Building owners who want to mitigate their building losses with a specific mitigation measure have to invest a particular amount of money based on their chosen mitigation method. This linked expense is referred to as strategy cost in the described model and is funded from the model’s budget. Based on the type of mitigation measures, we needed to calculate this linked expense. For instance, the cost of a flood barrier depends on the building area and barrier type, whereas the cost of elevating buildings depends on required materials, labor, and equipment. The user can specify any budget for retrofitting the buildings while using the model, and the program will only offer mitigation methods based on the available budget. For example, if a user wants to spend $3.5 million retrofitting all the buildings in a community with long-term mitigation measures, the user may not be able to advise building elevations for all of the structures. As a result, the model will suggest “No Intervention” for the rest of the buildings where the model could not be applied. The formulated model was tested with various budgets to test the model’s workability at different budgets.
Long-term mitigation strategies include increasing building elevations from 5 ft (1.5 m) to 10 ft (3.0 m) to reduce the flood losses for each building. Table 4 summarizes the optimization model’s findings in terms of a specific building and different long-term mitigation strategies. The base flood loss analysis without any mitigation resulted in a direct economic loss of over USD 133 million. The optimization model was tested with an initial budget of USD 3.5 million, and the model showed an economic loss reduction of more than USD 4.0 million. On the other hand, for a budget of USD 280 million, 1738 buildings can be retrofitted to reduce the economic loss by more than USD 118 million. This is because long-term measures such as increasing building elevation have significantly high mitigation costs, but they can decrease the overall building damage in the long -term. Furthermore, the implementation of long-term mitigation will help building owners to save their buildings from multiple future flooding events by a one-time investment. Thus, by investing USD 280 million, it will be possible to save USD 118 million in each flooding event.
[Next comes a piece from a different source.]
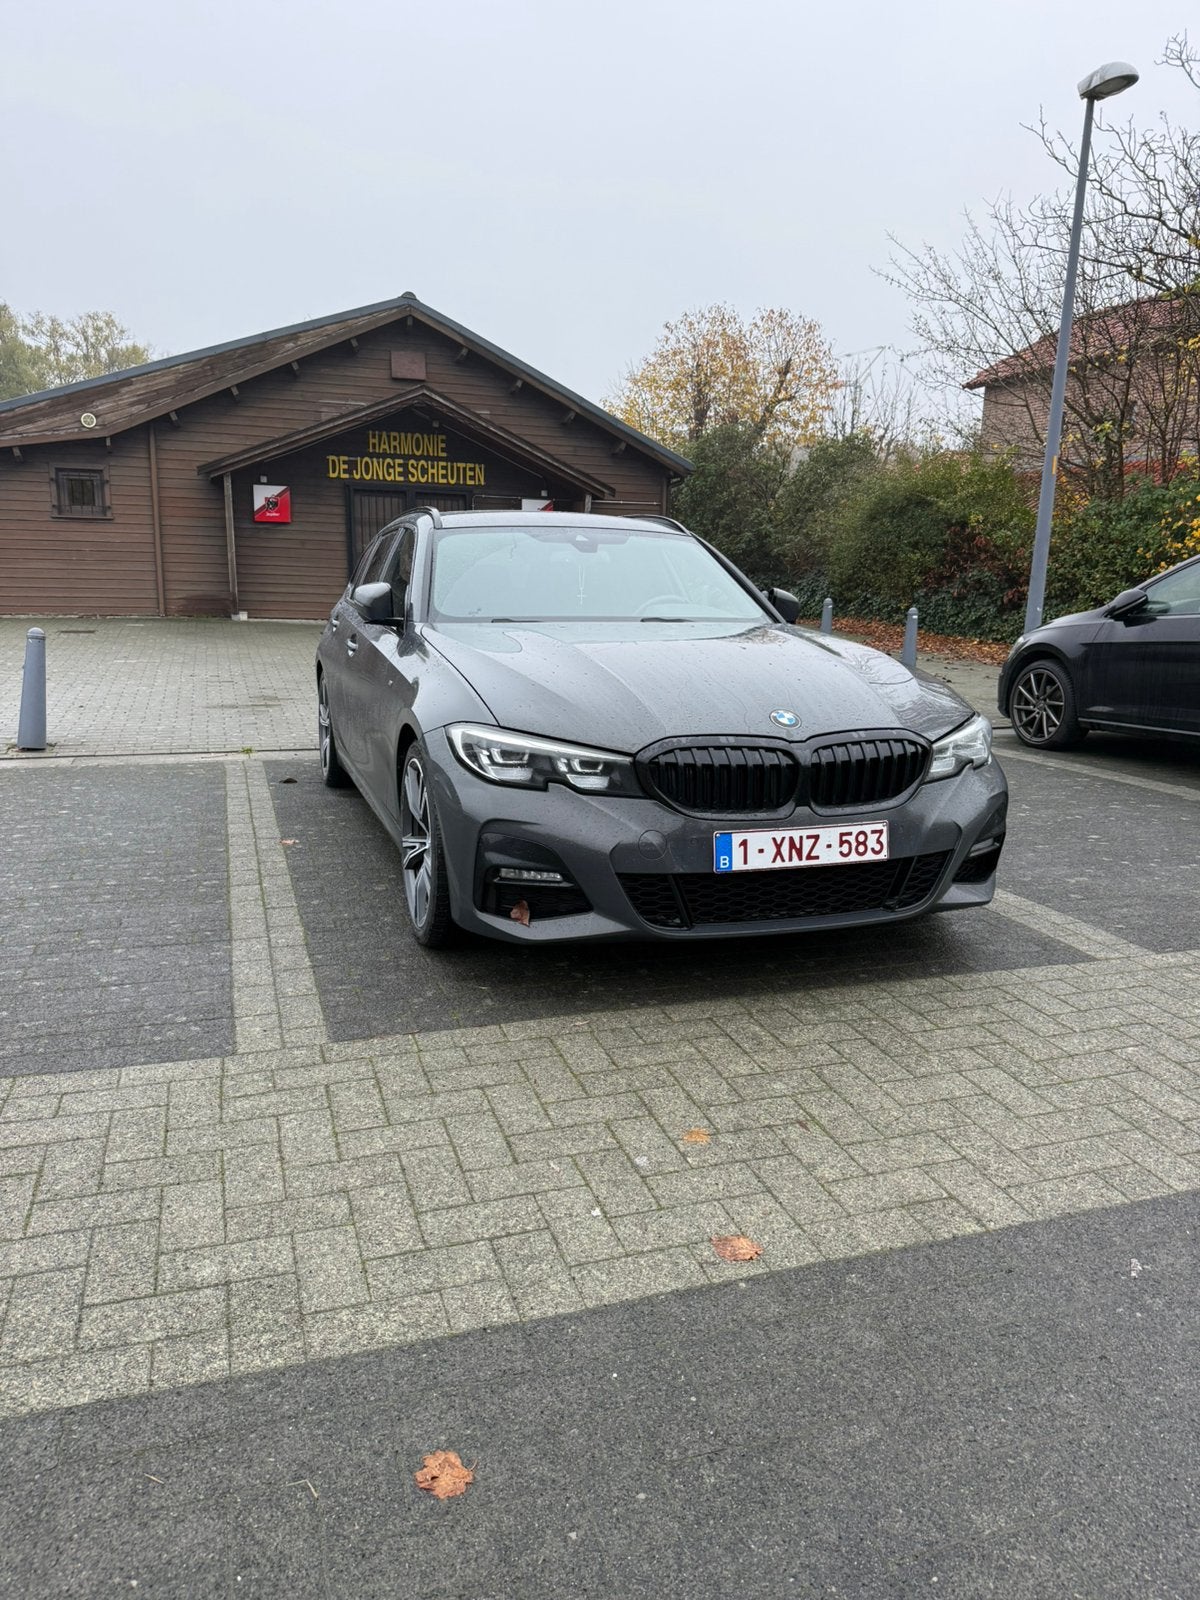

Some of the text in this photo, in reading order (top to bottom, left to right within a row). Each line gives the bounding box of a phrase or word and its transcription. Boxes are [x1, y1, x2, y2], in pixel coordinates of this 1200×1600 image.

For long-term mitigation, the model sought to identify the optimal mitigation option for a specific building based on the cost of the mitigation strategy. Although 10 feet (3 m) of elevation can make a structure safer than 5 feet (1.5 m), the financial loss will be zero with 3 m of elevation. However, some industrial buildings in Lumberton will not be able to achieve this building elevation since it would require substantial funds for mitigation. At various budgets, Figure 5 depicts the selected buildings for long-term mitigation solutions for individual structures in Lumberton, NC, at various budgets. The figure shows that red and dark pink dots increase when a larger budget is used, implying that more community structures would be mitigated. The model showed how resources were optimally allocated across buildings in terms of mitigation funds that could minimize the economic losses.
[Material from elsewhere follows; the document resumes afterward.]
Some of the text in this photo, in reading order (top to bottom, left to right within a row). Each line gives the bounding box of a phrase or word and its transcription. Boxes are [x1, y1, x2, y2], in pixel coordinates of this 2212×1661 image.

Flood barriers were also investigated and implemented in the optimization model in Lumberton as an example of a short-term mitigation strategy. Table 5 shows the investigated budgets along with the number of flood barriers that are selected from 0.4 m to 1.5 m in height to mitigate flood impacts on buildings, as well as the resulting estimated direct economic loss. The main objective of the developed optimization model is to minimize the total economic loss within a given budget. The developed optimization model is designed to select buildings that can minimize the total economic loss. The analysis results showed that investing $50 million in a long-term mitigation strategy can mitigate the flood impacts on 334 buildings. On the contrary, investing the same amount of mitigation funds ($50 million) on short-term mitigation can increase the number of mitigated buildings to 832. This is because of the lower cost of short-term mitigation, which can only be implemented for buildings during a single flooding event. Using a flood barrier of 1.5 m is the costliest option among all the short-term strategies, and as the model receives more money to invest, it is giving more money to use the mitigation strategy. Taller flood barriers will achieve better results, but in this case, due to the lack of pricing information for higher flood barriers, we need to stop at 1.5 m. The locations of the buildings and the distributions of the various short-term mitigation strategies are presented in Figure 6 for different budgets.
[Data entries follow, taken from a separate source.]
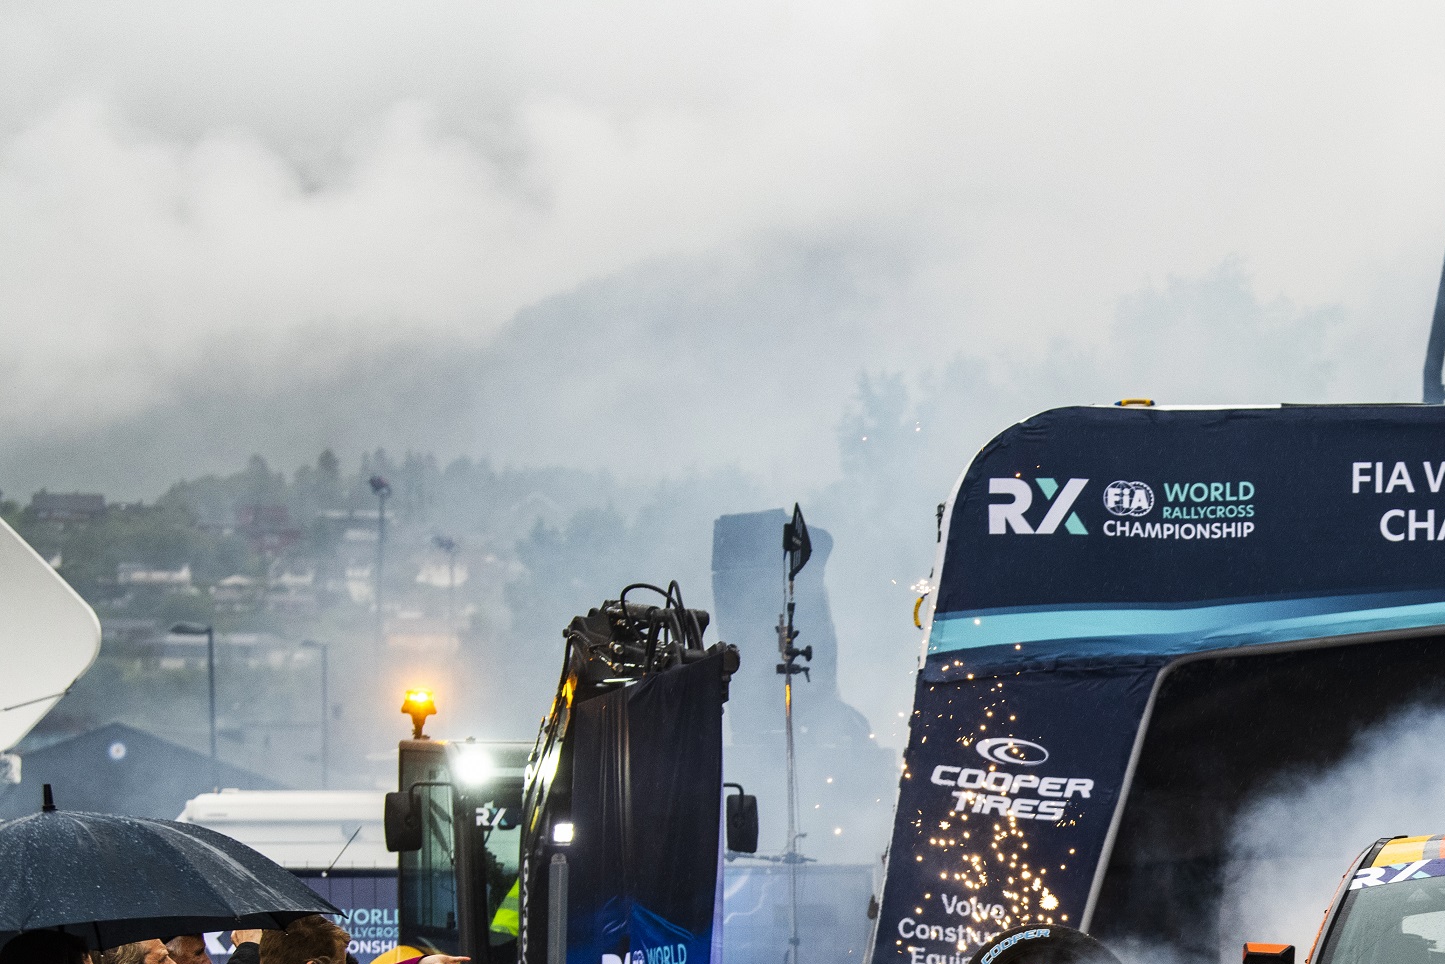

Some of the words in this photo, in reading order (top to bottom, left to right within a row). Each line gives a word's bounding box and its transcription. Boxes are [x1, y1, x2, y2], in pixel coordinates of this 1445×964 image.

[1352, 461, 1415, 493] FIA
[988, 477, 1090, 535] RX
[1163, 481, 1255, 503] WORLD
[1162, 504, 1255, 519] RALLYCROSS
[1102, 520, 1255, 540] CHAMPIONSHIP
[930, 765, 1094, 799] COOPER
[475, 807, 507, 826] RX
[951, 790, 1066, 821] TIRES
[1349, 859, 1432, 890] RX
[941, 893, 1006, 919] Volvo
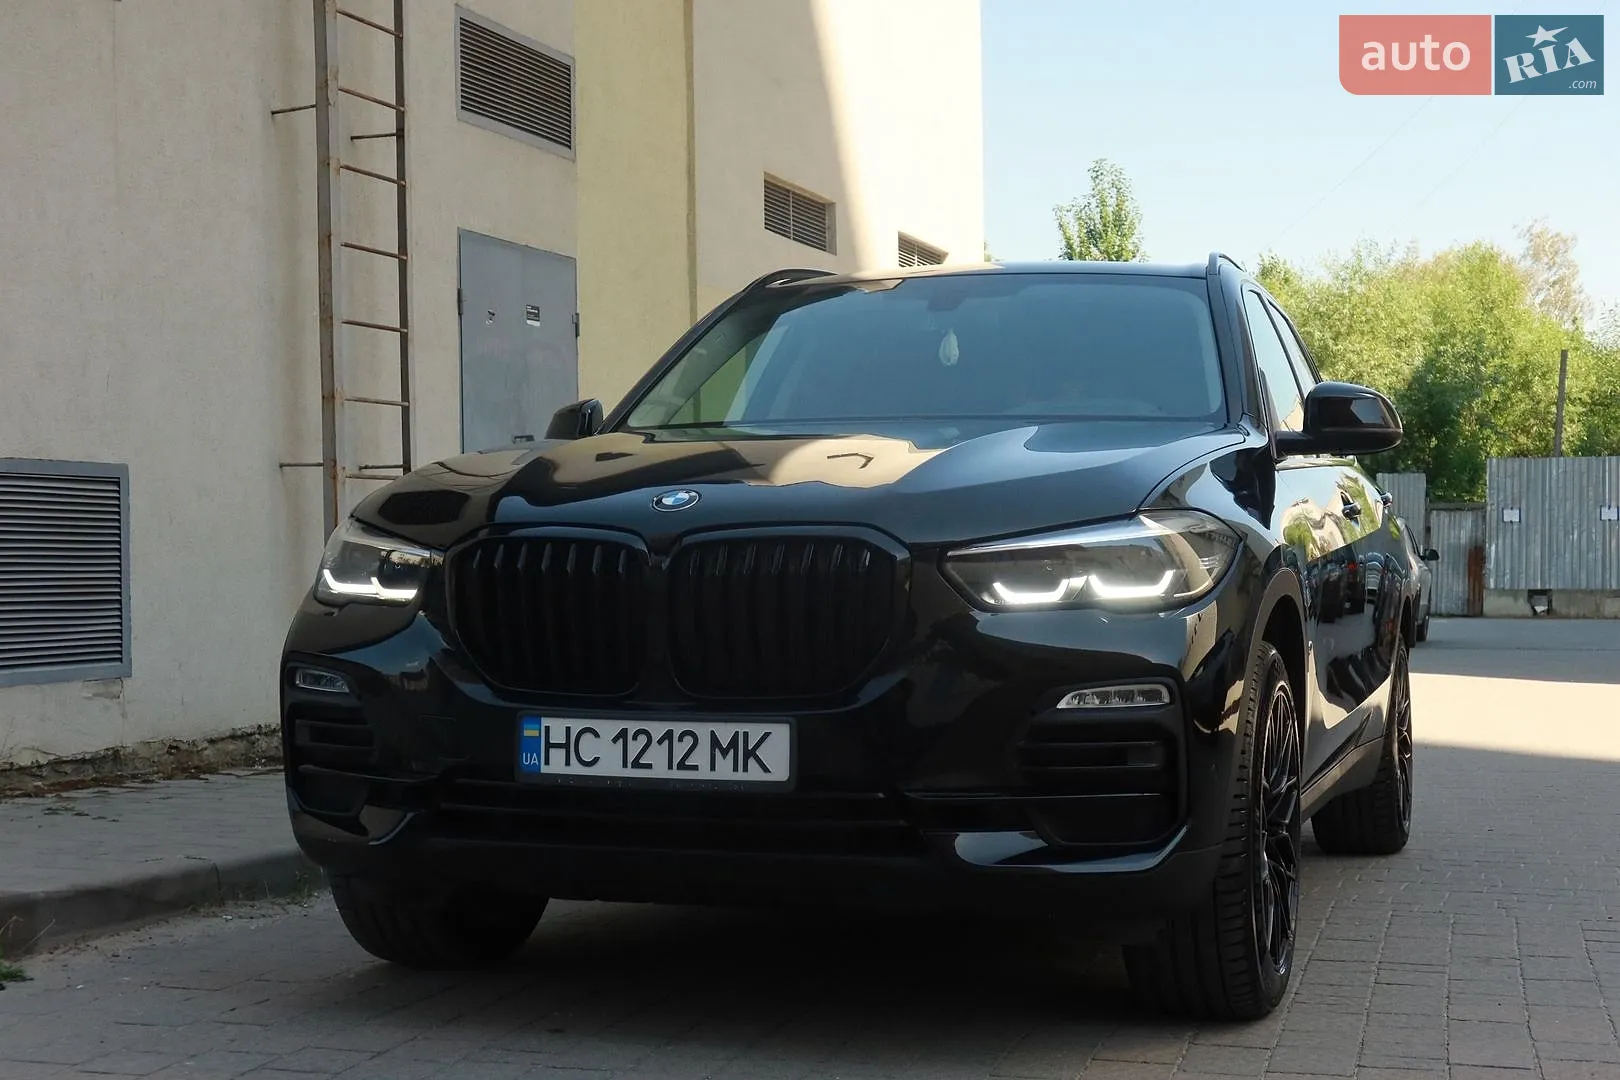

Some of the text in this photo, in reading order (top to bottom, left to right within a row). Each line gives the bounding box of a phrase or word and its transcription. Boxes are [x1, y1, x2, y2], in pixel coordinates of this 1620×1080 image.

[523, 752, 539, 766] UA
[544, 725, 772, 773] HC 1212 MK
The analysis showed that the developed optimization model could be used efficiently for both short- and long-term mitigation options. The developed optimization model has the essential features needed to recommend the optimal mitigation strategies for buildings in terms of short-term (flood barriers) and long-term (building elevation) efforts. Flood barriers may not be advantageous for some buildings after being used, need to be installed before each event, and do not add to the building equity. On the other hand, increasing building elevation as a long-term plan is much better since it is a permanent mitigation, and the value invested is added to the building equity. Though it is a costly alternative, it can help significantly reduce the amount of flood losses for the community.
At the highest budget of $280 million, the model allows for mitigating more than 2000 buildings. At the other budget level, the model suggests elevating the building by 5 ft for two main reasons. Firstly, it is cheaper than elevating 10 ft, and secondly, it significantly reduces the economic losses. However, building elevation is highly dependent on the area of each building. Typically, commercial buildings hold large areas, which makes the cost of building elevation very high for them. The summary of the outcomes from the optimization model’s use of both short- and long-term mitigation methods is provided in Table 6. Figure 7 depicts the mitigation strategies on the Lumberton map based on the budget while implementing both short- and long-term strategies together.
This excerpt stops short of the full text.